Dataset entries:
------------
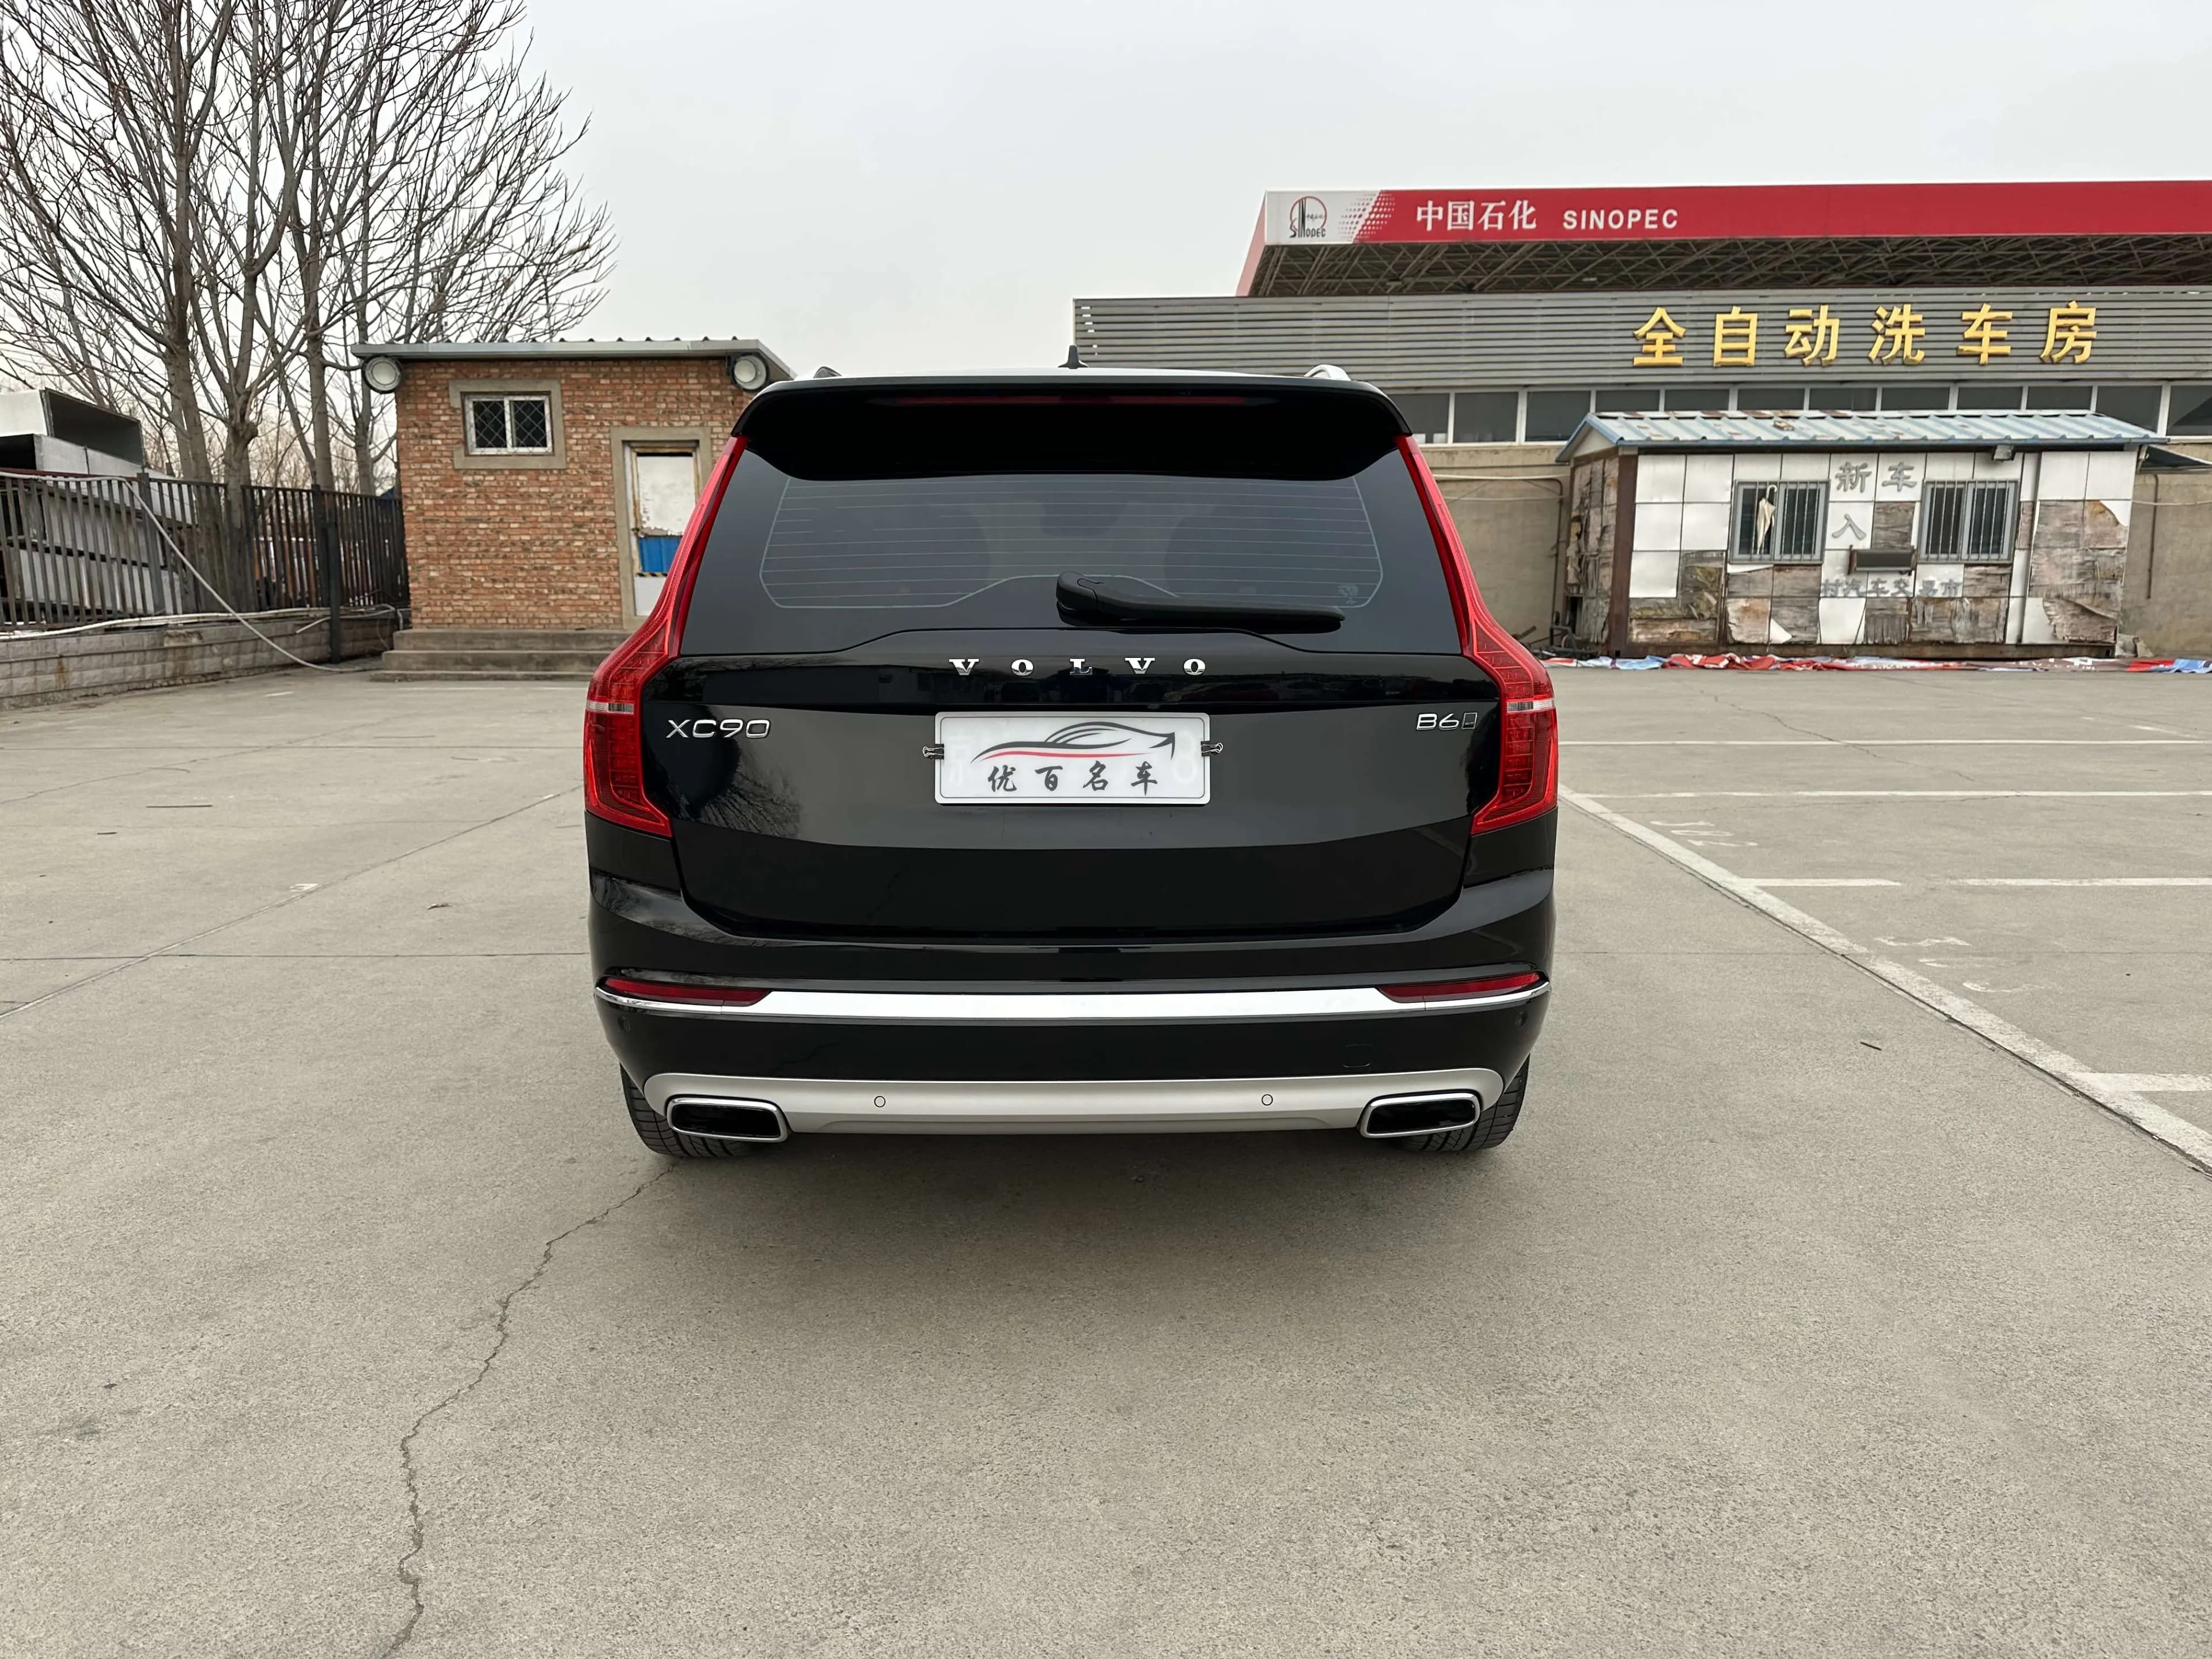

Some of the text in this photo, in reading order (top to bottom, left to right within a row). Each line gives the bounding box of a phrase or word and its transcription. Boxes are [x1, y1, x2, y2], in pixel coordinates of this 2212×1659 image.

[1416, 200, 1537, 231] 中国石化
[1563, 209, 1678, 229] SINOPEC
[1633, 301, 2098, 366] 全自动洗车房
[1835, 461, 1918, 493] 新车
[949, 657, 1206, 676] VOLVO
[665, 719, 770, 738] XC90
[1416, 713, 1459, 730] B6
[987, 760, 1158, 796] 优百名车
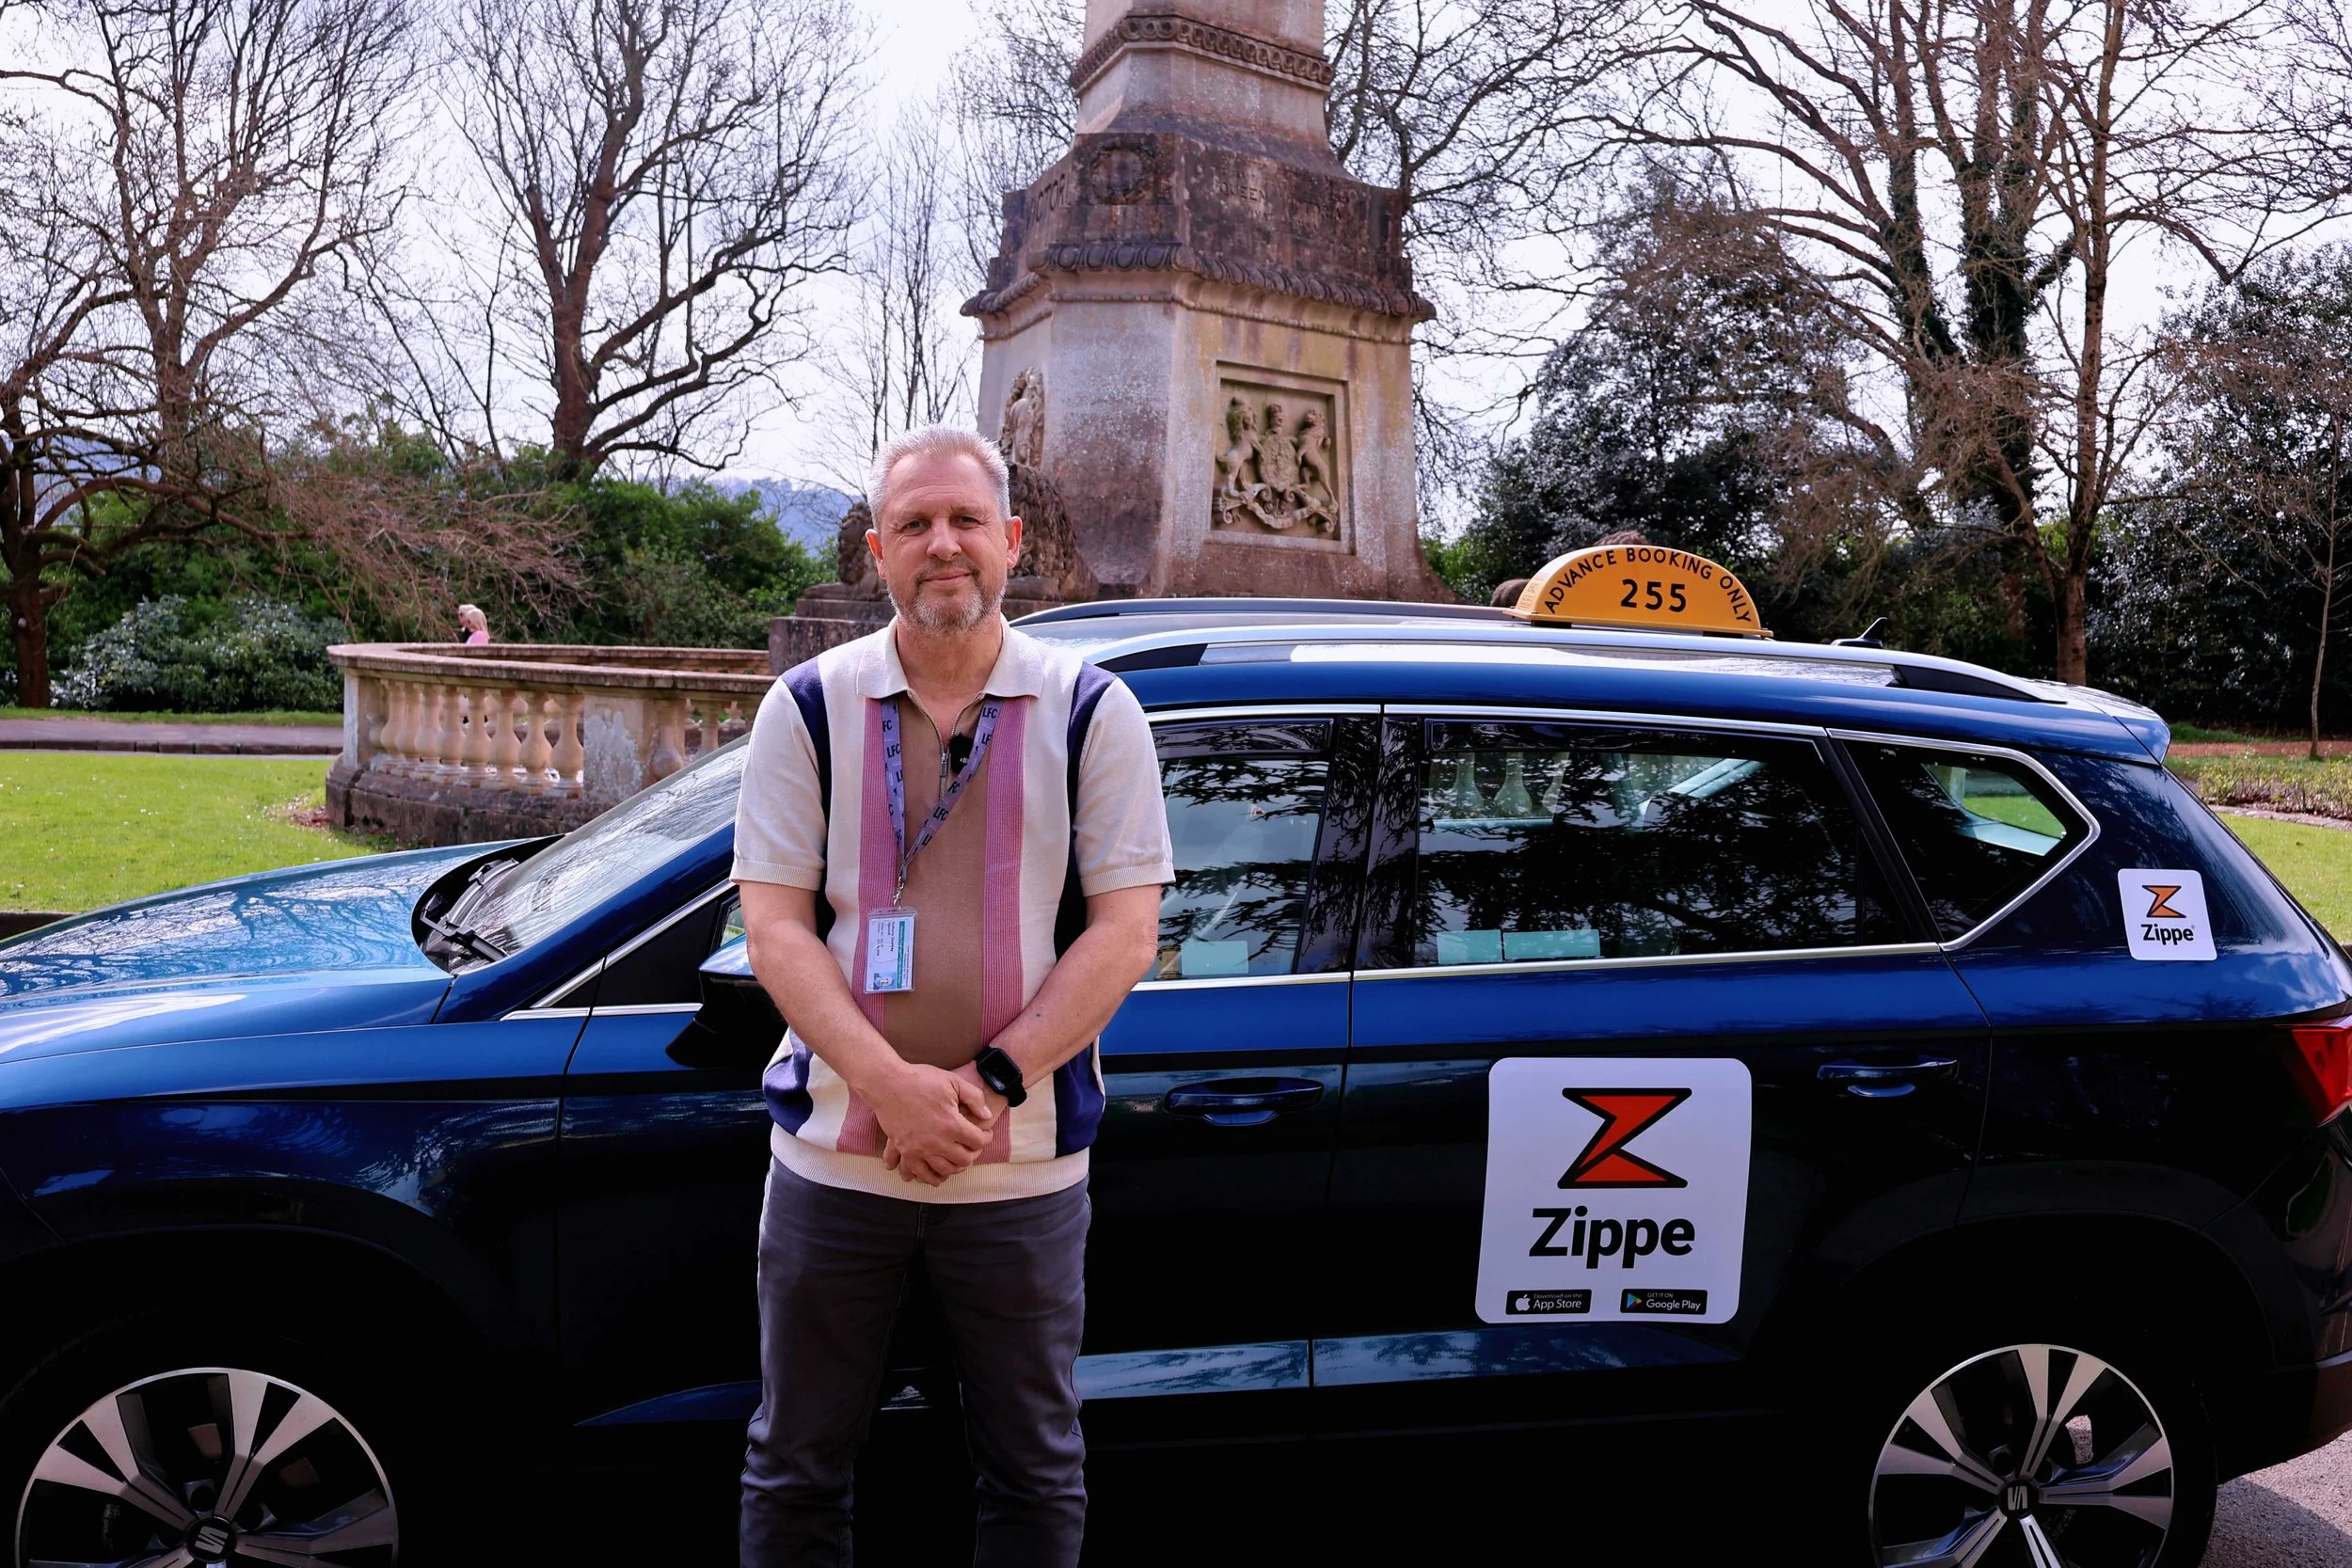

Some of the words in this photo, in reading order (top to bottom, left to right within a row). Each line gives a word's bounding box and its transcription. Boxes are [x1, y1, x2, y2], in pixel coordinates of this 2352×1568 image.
------------
• **Exercise**:
Each entry above should be reproduced exactly, with the pictures removed.

• **Answer area**:
Some of the text in this photo, in reading order (top to bottom, left to right within a row). Each line gives the bounding box of a phrase or word and its transcription. Boxes are [x1, y1, x2, y2], in pixel coordinates of this 2212×1659 image.

[1416, 200, 1537, 231] 中国石化
[1563, 209, 1678, 229] SINOPEC
[1633, 301, 2098, 366] 全自动洗车房
[1835, 461, 1918, 493] 新车
[949, 657, 1206, 676] VOLVO
[665, 719, 770, 738] XC90
[1416, 713, 1459, 730] B6
[987, 760, 1158, 796] 优百名车

Some of the words in this photo, in reading order (top to bottom, left to right within a row). Each line gives a word's bounding box and its transcription. Boxes are [x1, y1, x2, y2], in pixel coordinates of this 2352×1568 image.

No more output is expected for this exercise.